Records drawn from a dataset
^^^^

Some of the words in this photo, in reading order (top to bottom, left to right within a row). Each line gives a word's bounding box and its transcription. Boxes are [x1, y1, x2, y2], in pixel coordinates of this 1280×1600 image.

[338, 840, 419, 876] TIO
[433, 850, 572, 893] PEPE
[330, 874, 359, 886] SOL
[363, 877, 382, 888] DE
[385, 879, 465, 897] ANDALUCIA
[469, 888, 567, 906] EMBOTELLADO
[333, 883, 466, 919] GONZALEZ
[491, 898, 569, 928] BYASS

^^^^

When you transcribe the records above, keep every line exactly the same.

**TASK RESPONSE**
Some of the words in this photo, in reading order (top to bottom, left to right within a row). Each line gives a word's bounding box and its transcription. Boxes are [x1, y1, x2, y2], in pixel coordinates of this 1280×1600 image.

[338, 840, 419, 876] TIO
[433, 850, 572, 893] PEPE
[330, 874, 359, 886] SOL
[363, 877, 382, 888] DE
[385, 879, 465, 897] ANDALUCIA
[469, 888, 567, 906] EMBOTELLADO
[333, 883, 466, 919] GONZALEZ
[491, 898, 569, 928] BYASS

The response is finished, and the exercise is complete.